:: Problem ::
Beginning at the line that contains "this 1600×1200 image.", write out each remaining line of the entries below exactly as it stands.

Saved data entries:
+-------+
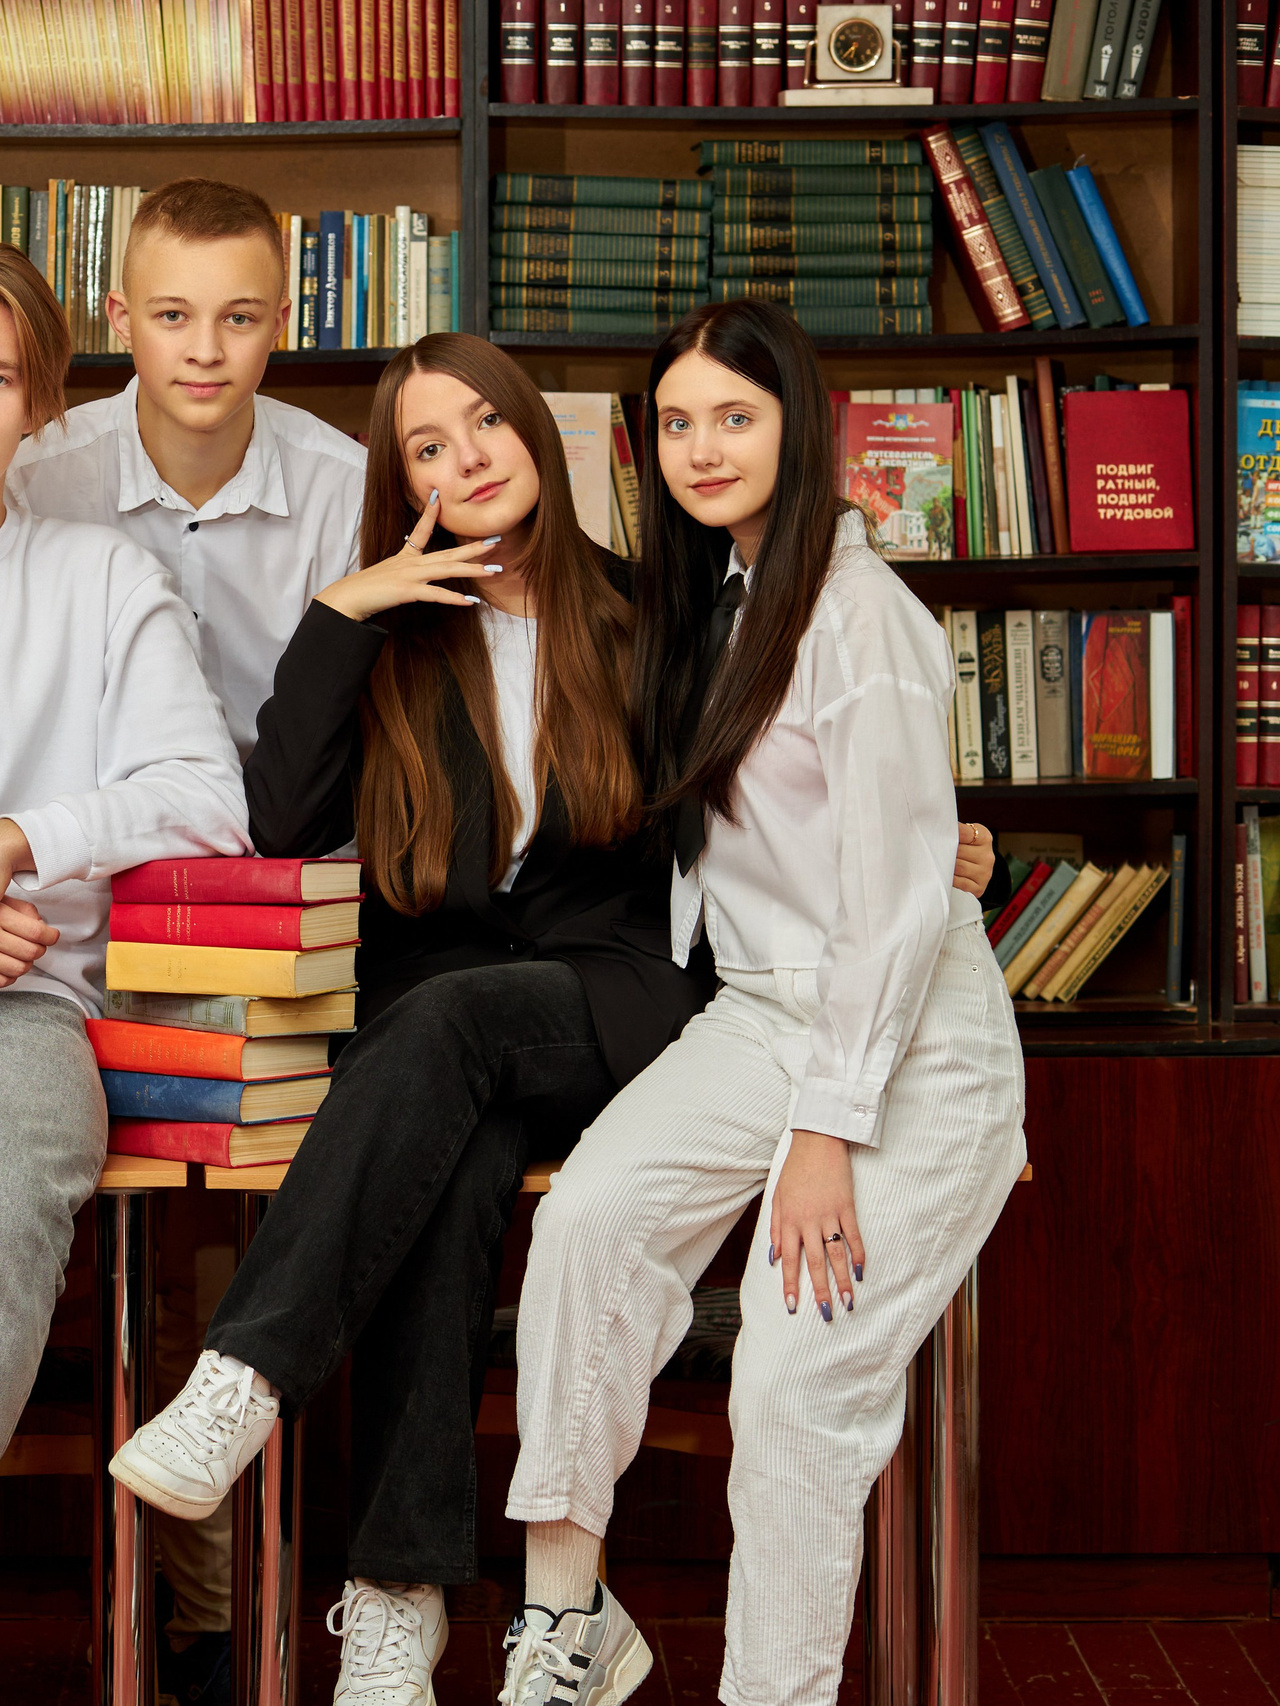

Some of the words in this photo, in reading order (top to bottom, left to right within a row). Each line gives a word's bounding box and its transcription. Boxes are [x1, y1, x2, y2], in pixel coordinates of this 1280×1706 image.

[325, 291, 336, 328] Виктор
[1096, 464, 1154, 476] ПОДВИГ
[1096, 478, 1160, 491] РАТНЫЙ,
[1097, 493, 1155, 505] ПОДВИГ
[1098, 506, 1174, 520] ТРУДОВОЙ
[1235, 863, 1243, 893] МУЗЕЯ
[1235, 895, 1244, 929] ЖИЗНЬ
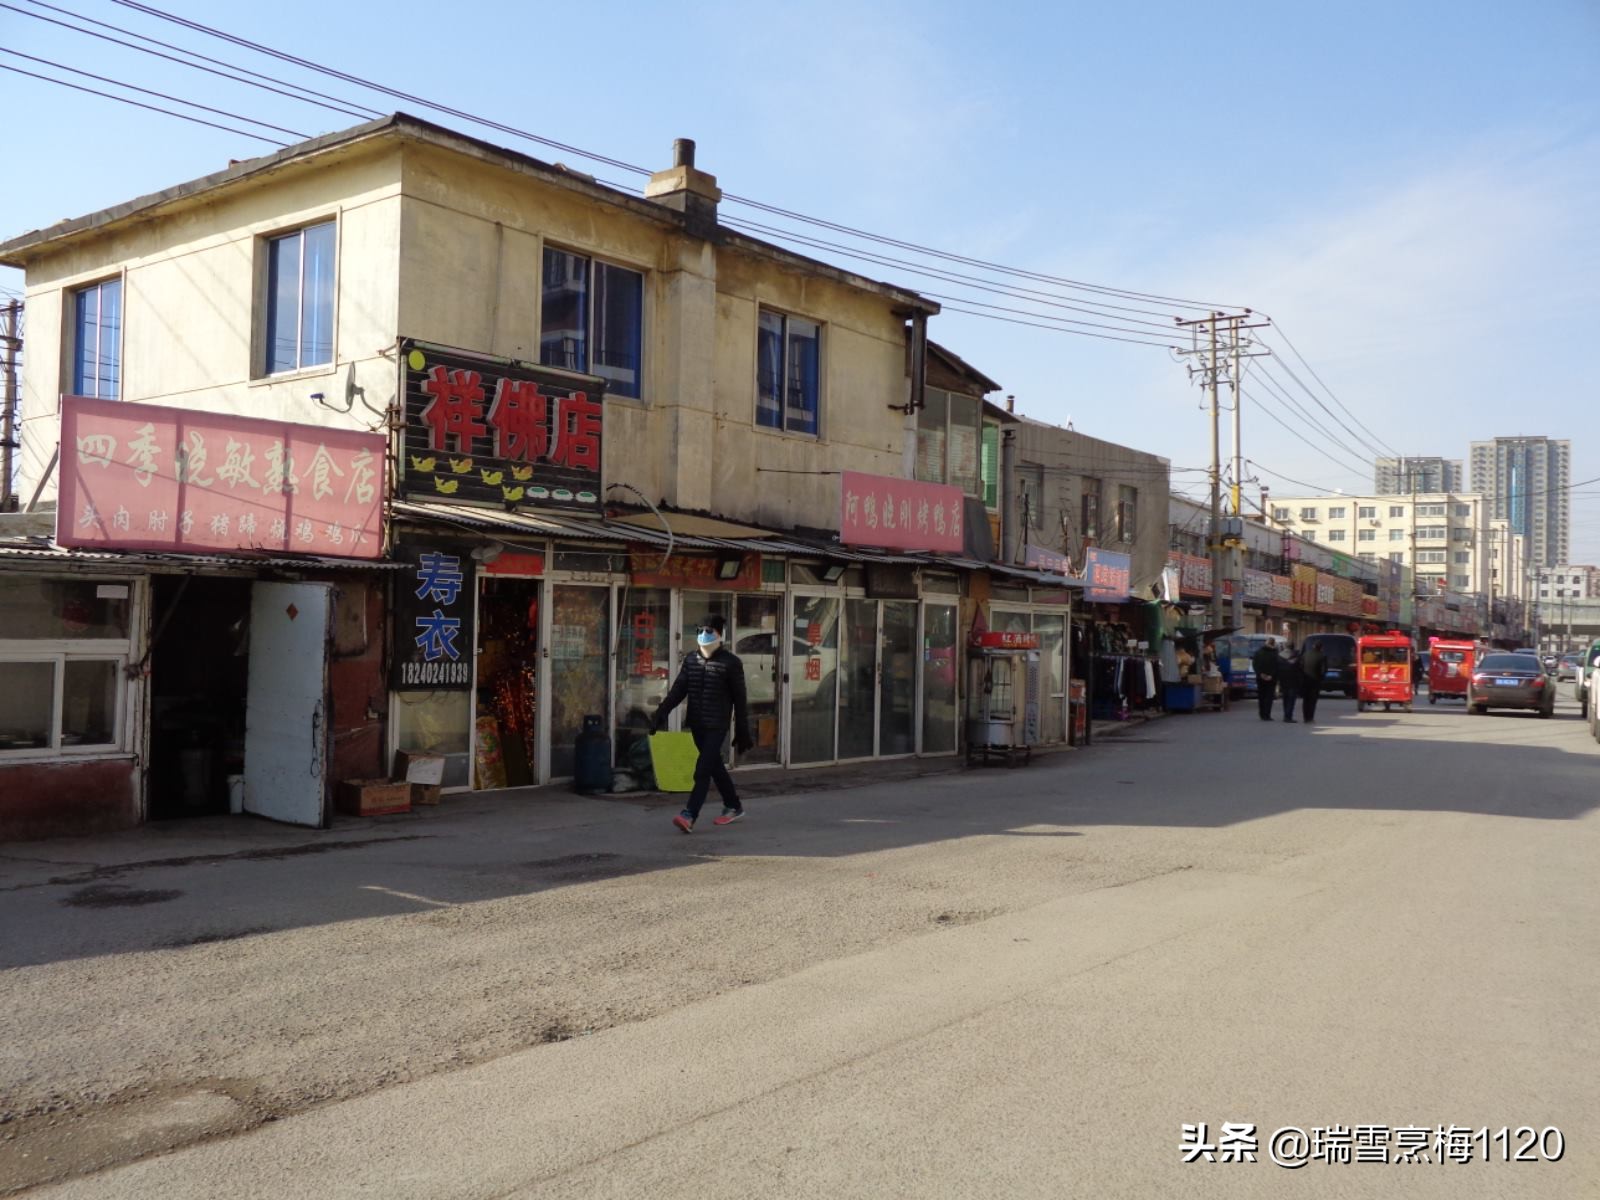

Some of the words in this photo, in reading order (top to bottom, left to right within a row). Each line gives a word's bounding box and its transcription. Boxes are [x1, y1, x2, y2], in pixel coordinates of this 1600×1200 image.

[420, 364, 602, 473] 祥佛店
[414, 551, 464, 662] 寿衣
[401, 661, 469, 685] 18240241939
+-------+
:: Response for this exercise ::
Some of the words in this photo, in reading order (top to bottom, left to right within a row). Each line gives a word's bounding box and its transcription. Boxes are [x1, y1, x2, y2], in pixel coordinates of this 1600×1200 image.

[420, 364, 602, 473] 祥佛店
[414, 551, 464, 662] 寿衣
[401, 661, 469, 685] 18240241939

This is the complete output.